**What you have to do:**
Each line from the one holding "Some of the text" to the last line below must be written out exactly, with no other output.

[Start of Attachment]

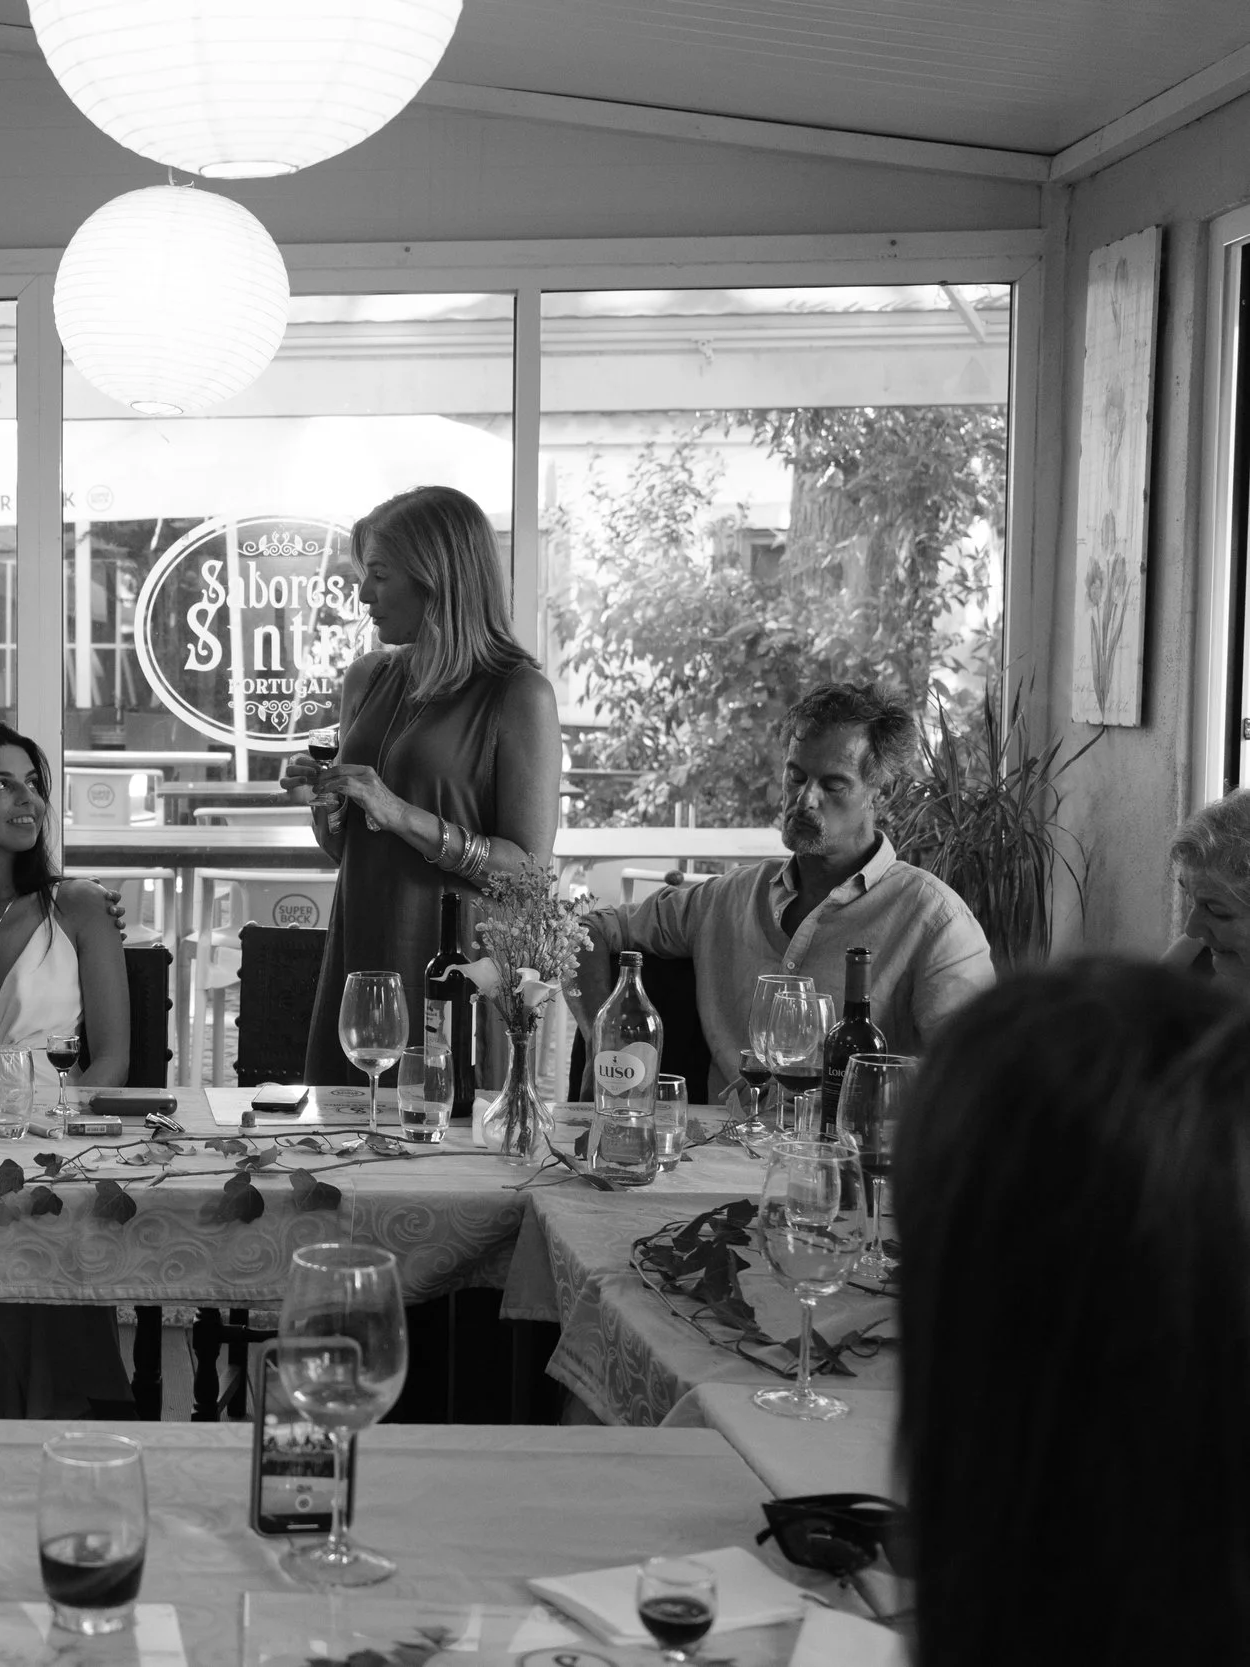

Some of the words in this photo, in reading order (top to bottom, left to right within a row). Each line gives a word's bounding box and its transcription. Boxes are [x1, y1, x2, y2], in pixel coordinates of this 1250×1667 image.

[201, 559, 345, 609] Sabores
[279, 905, 313, 915] SUPER
[280, 914, 311, 923] BOCK
[599, 1064, 635, 1079] LUSO
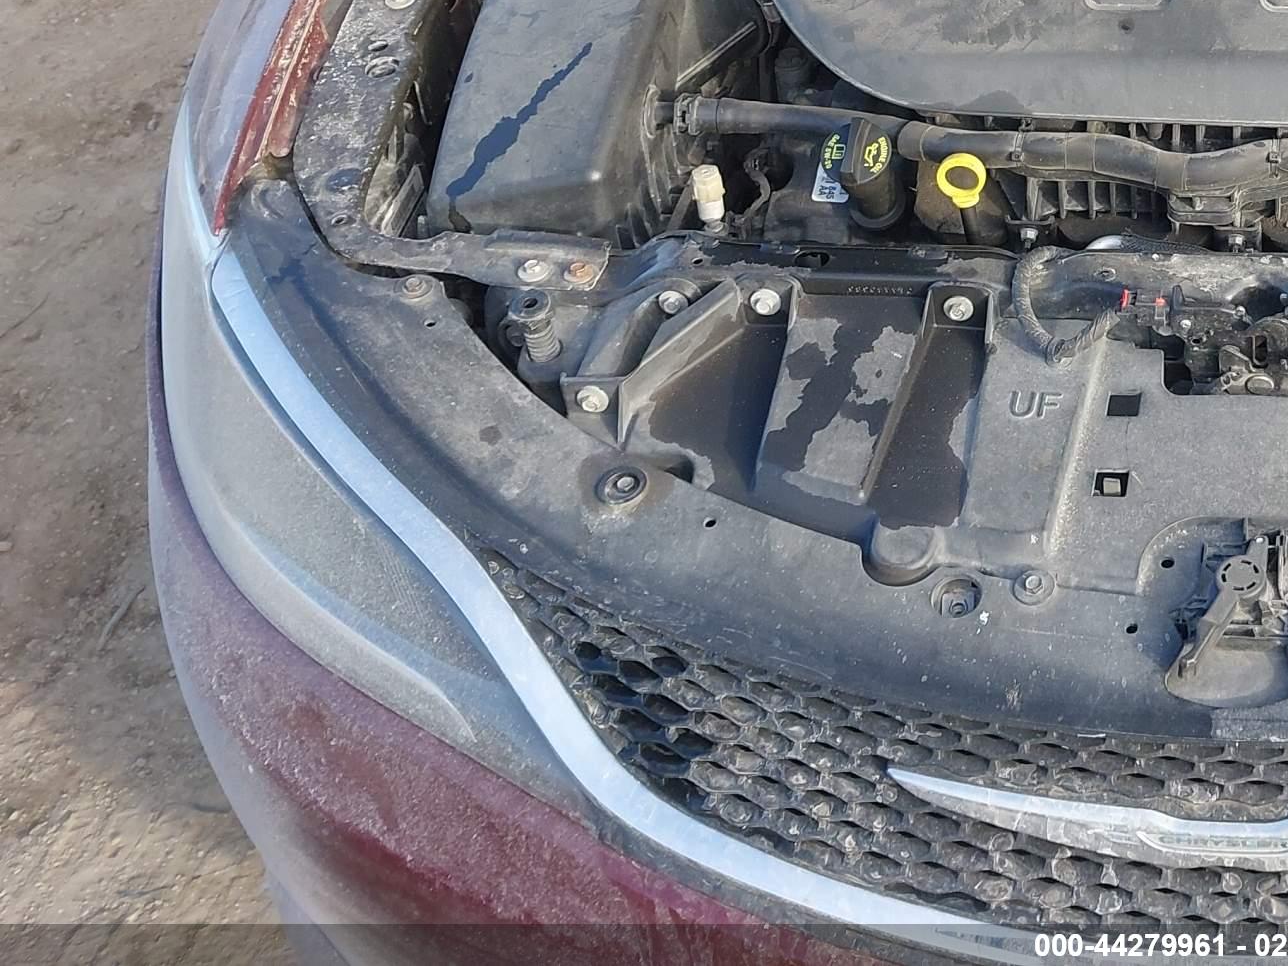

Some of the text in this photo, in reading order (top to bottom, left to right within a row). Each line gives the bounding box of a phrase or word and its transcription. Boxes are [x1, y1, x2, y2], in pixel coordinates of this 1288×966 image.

[869, 136, 889, 174] ENGINE OIL
[1009, 390, 1064, 419] UF

[End of Attachment]

**Task solution:**
Some of the text in this photo, in reading order (top to bottom, left to right within a row). Each line gives the bounding box of a phrase or word and its transcription. Boxes are [x1, y1, x2, y2], in pixel coordinates of this 1288×966 image.

[869, 136, 889, 174] ENGINE OIL
[1009, 390, 1064, 419] UF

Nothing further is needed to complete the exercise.